Aim of the task: Nothing in the data may be altered, so output all of it exactly.

Material provided Start Marker

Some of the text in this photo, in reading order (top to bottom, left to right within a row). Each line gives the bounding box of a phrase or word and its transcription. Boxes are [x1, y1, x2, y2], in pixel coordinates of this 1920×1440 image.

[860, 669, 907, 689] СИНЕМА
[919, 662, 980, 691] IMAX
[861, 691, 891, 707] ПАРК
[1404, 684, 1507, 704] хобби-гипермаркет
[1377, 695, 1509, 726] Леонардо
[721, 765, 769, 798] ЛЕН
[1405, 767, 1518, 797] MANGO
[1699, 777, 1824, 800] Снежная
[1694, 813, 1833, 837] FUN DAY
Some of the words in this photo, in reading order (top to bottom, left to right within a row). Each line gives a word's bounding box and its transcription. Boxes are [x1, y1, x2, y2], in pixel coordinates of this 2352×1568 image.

Material provided End Marker

Exercise response:
Some of the text in this photo, in reading order (top to bottom, left to right within a row). Each line gives the bounding box of a phrase or word and its transcription. Boxes are [x1, y1, x2, y2], in pixel coordinates of this 1920×1440 image.

[860, 669, 907, 689] СИНЕМА
[919, 662, 980, 691] IMAX
[861, 691, 891, 707] ПАРК
[1404, 684, 1507, 704] хобби-гипермаркет
[1377, 695, 1509, 726] Леонардо
[721, 765, 769, 798] ЛЕН
[1405, 767, 1518, 797] MANGO
[1699, 777, 1824, 800] Снежная
[1694, 813, 1833, 837] FUN DAY
Some of the words in this photo, in reading order (top to bottom, left to right within a row). Each line gives a word's bounding box and its transcription. Boxes are [x1, y1, x2, y2], in pixel coordinates of this 2352×1568 image.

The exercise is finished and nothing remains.